### Problem statement
Starting at the line that contains "this 1692×1080 image.", quote every line through the end of the entries, word for word, skipping the pictures.

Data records
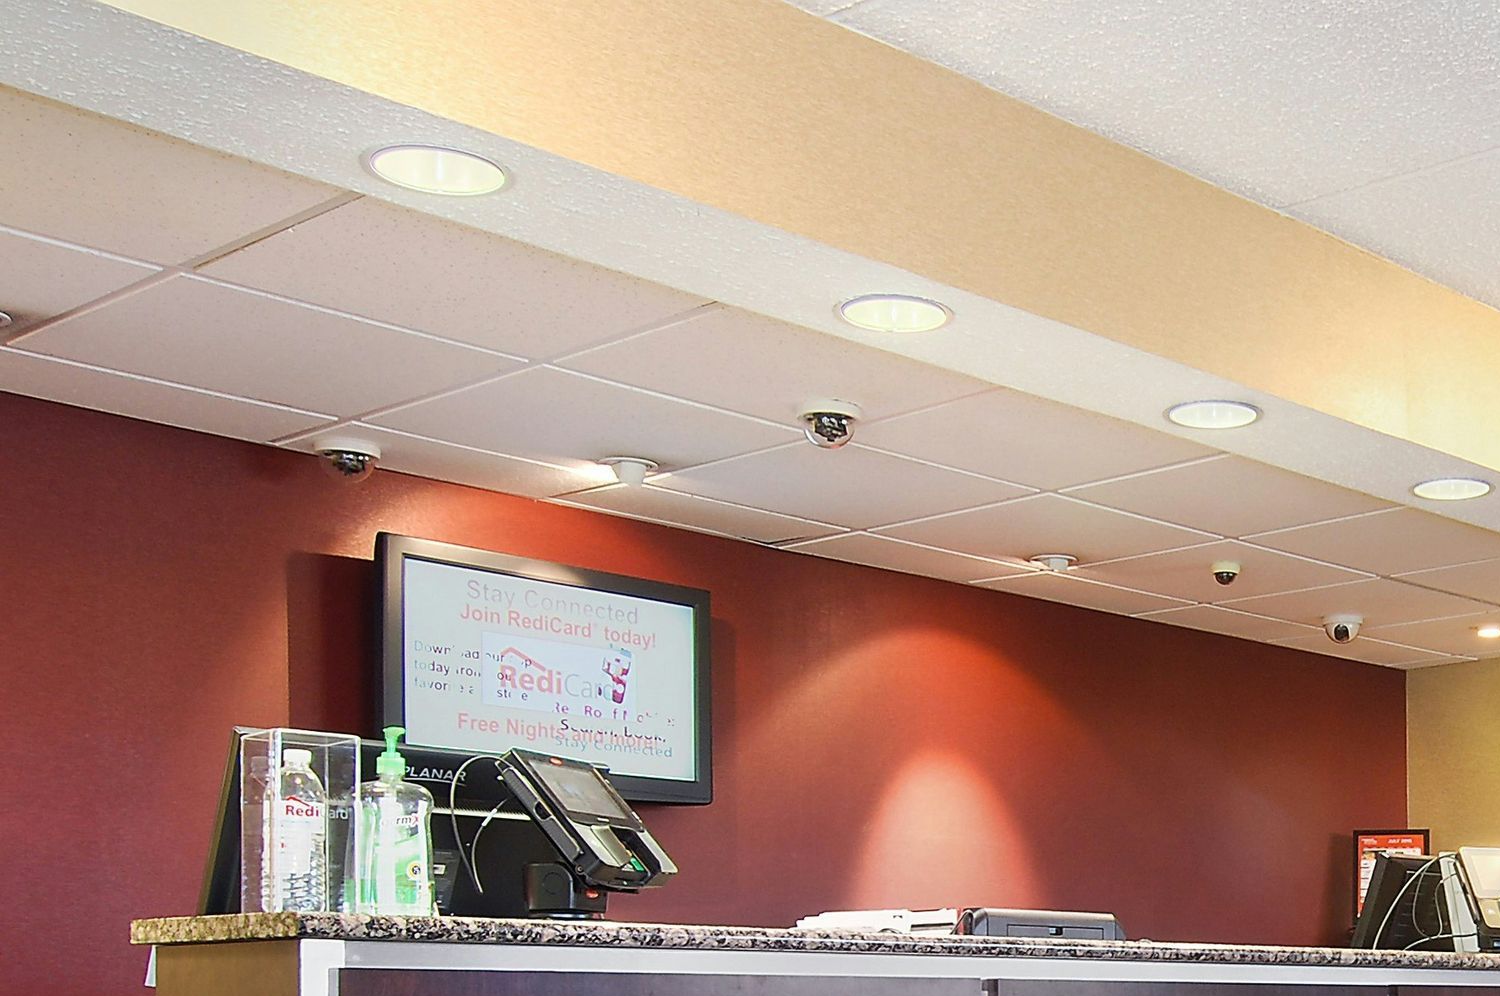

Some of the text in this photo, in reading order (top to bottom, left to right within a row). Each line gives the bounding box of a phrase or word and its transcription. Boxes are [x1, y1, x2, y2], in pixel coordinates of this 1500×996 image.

[466, 579, 639, 624] Stay Connected
[460, 604, 501, 624] Join
[604, 625, 656, 650] today!
[414, 640, 480, 660] Downad
[457, 712, 500, 733] Free
[506, 718, 564, 741] Nights
[555, 735, 674, 758] Stay Connected
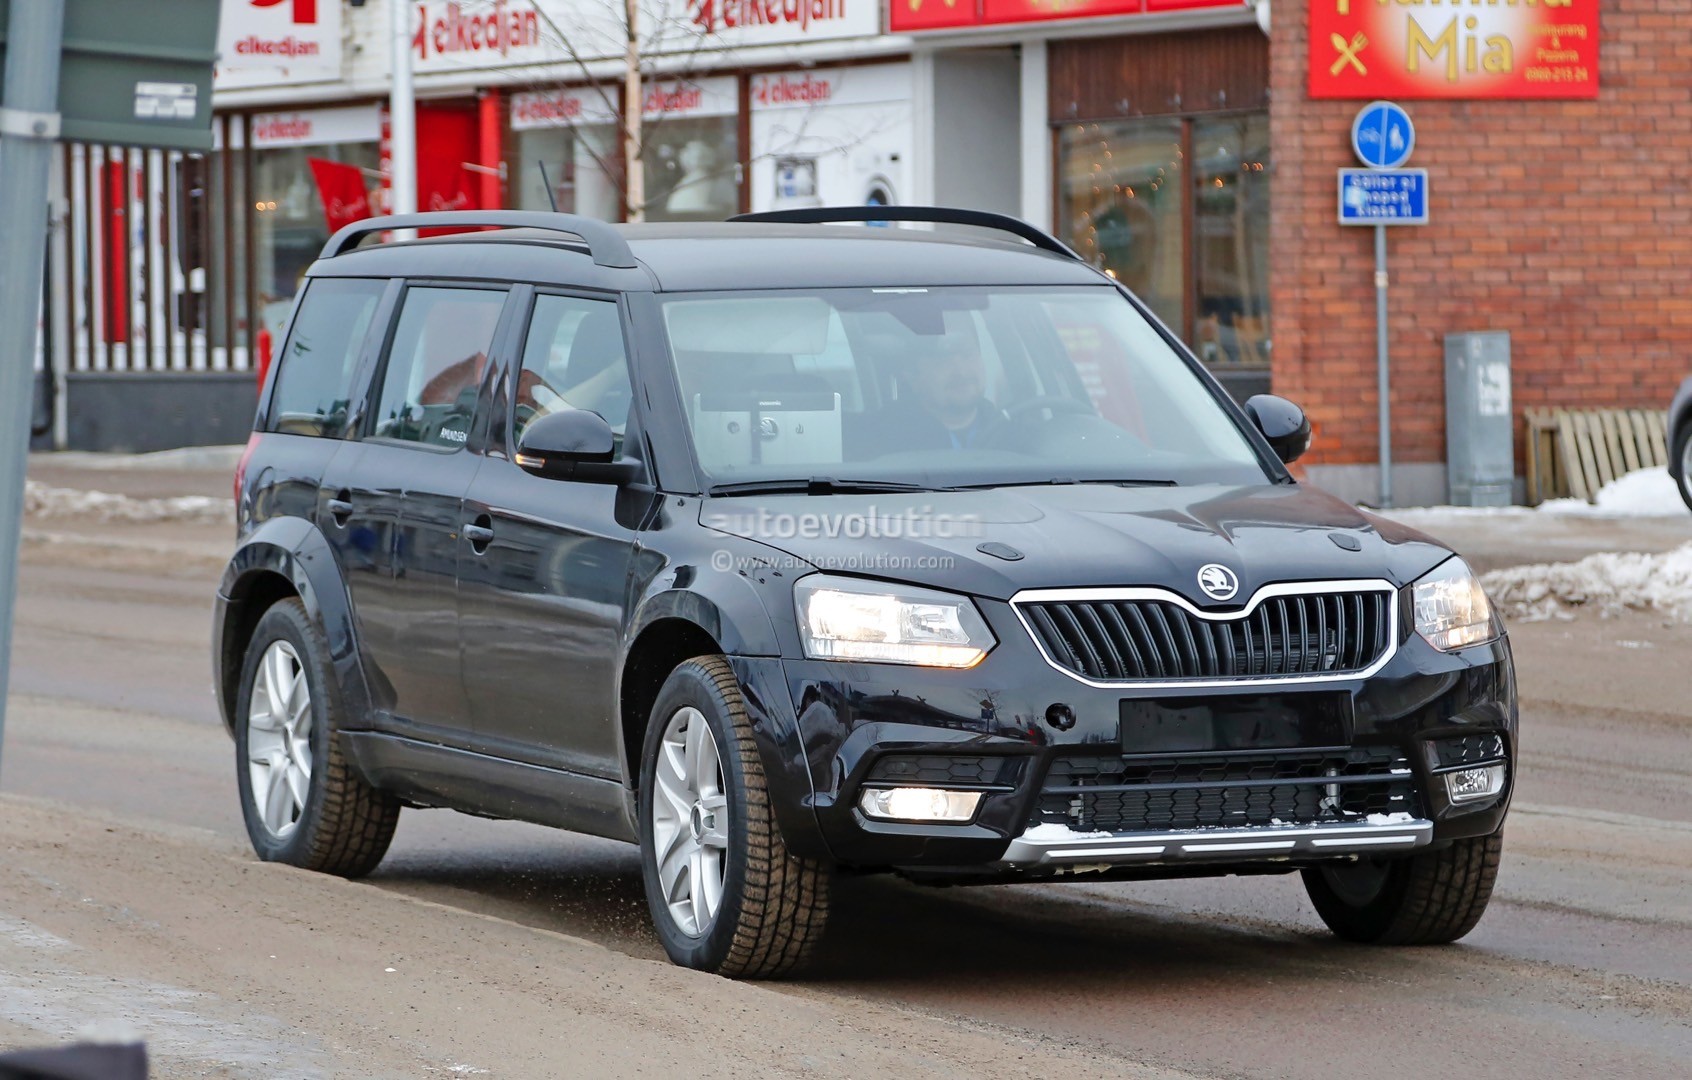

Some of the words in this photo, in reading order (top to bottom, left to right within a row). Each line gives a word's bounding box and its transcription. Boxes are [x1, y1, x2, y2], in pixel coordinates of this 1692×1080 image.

[235, 36, 318, 57] elkedjan
[433, 0, 538, 57] elkedjan
[1407, 14, 1513, 81] Mia
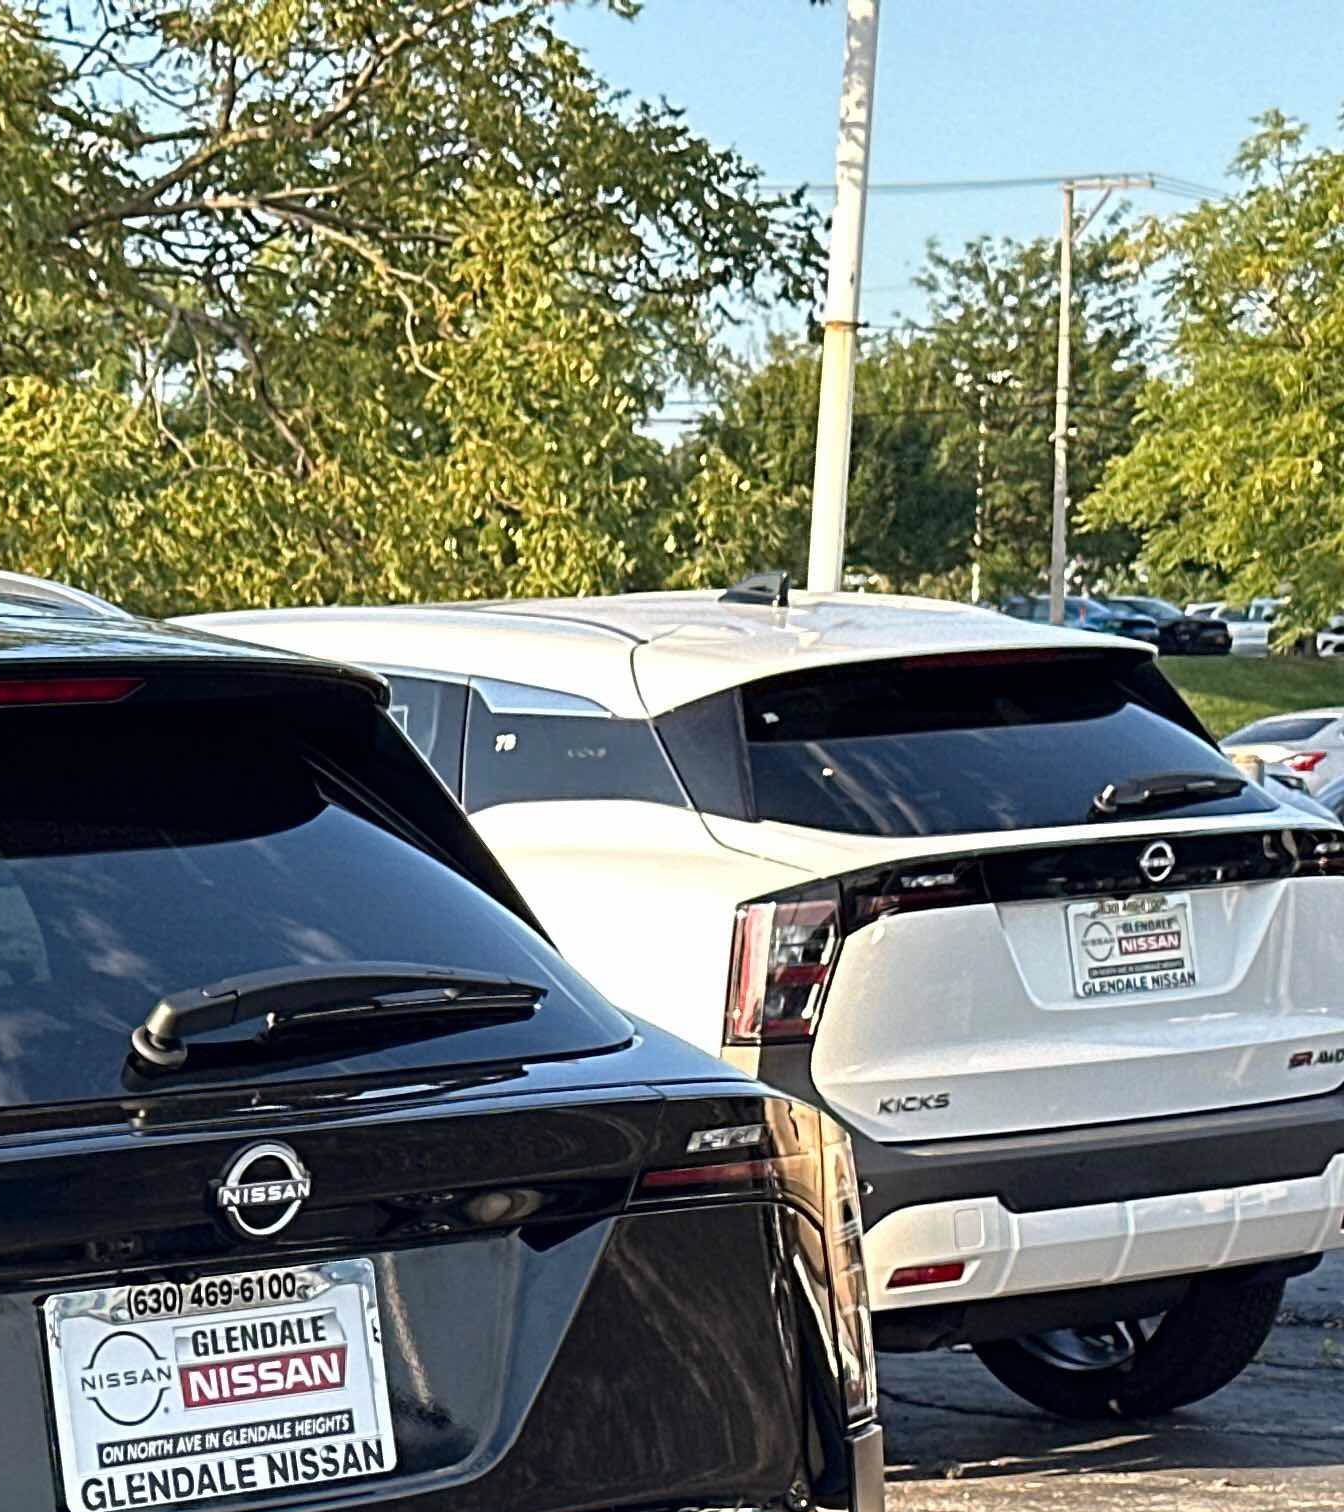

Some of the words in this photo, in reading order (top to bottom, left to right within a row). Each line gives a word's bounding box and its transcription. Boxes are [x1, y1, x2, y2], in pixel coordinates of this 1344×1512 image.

[1120, 933, 1179, 954] NISSAN
[1082, 975, 1149, 996] GLENDALE
[1150, 971, 1196, 989] NISSAN
[878, 1092, 950, 1114] KICKS
[222, 1182, 310, 1205] NISSAN
[127, 1283, 183, 1320] (630)
[190, 1272, 296, 1307] 469-6100
[192, 1315, 327, 1357] GLENDALE
[80, 1365, 172, 1392] NISSAN
[188, 1352, 341, 1402] NISSAN
[102, 1445, 124, 1464] ON
[127, 1438, 173, 1460] NORTH
[176, 1433, 202, 1454] AVE
[205, 1432, 219, 1449] IN
[222, 1421, 292, 1447] GLENDALE
[295, 1413, 350, 1438] HEIGHTS
[81, 1456, 257, 1511] GLENDALE
[267, 1438, 385, 1485] NISSAN

### Response to this exercise
Some of the words in this photo, in reading order (top to bottom, left to right within a row). Each line gives a word's bounding box and its transcription. Boxes are [x1, y1, x2, y2], in pixel coordinates of this 1692×1080 image.

[235, 36, 318, 57] elkedjan
[433, 0, 538, 57] elkedjan
[1407, 14, 1513, 81] Mia

Some of the words in this photo, in reading order (top to bottom, left to right within a row). Each line gives a word's bounding box and its transcription. Boxes are [x1, y1, x2, y2], in pixel coordinates of this 1344×1512 image.

[1120, 933, 1179, 954] NISSAN
[1082, 975, 1149, 996] GLENDALE
[1150, 971, 1196, 989] NISSAN
[878, 1092, 950, 1114] KICKS
[222, 1182, 310, 1205] NISSAN
[127, 1283, 183, 1320] (630)
[190, 1272, 296, 1307] 469-6100
[192, 1315, 327, 1357] GLENDALE
[80, 1365, 172, 1392] NISSAN
[188, 1352, 341, 1402] NISSAN
[102, 1445, 124, 1464] ON
[127, 1438, 173, 1460] NORTH
[176, 1433, 202, 1454] AVE
[205, 1432, 219, 1449] IN
[222, 1421, 292, 1447] GLENDALE
[295, 1413, 350, 1438] HEIGHTS
[81, 1456, 257, 1511] GLENDALE
[267, 1438, 385, 1485] NISSAN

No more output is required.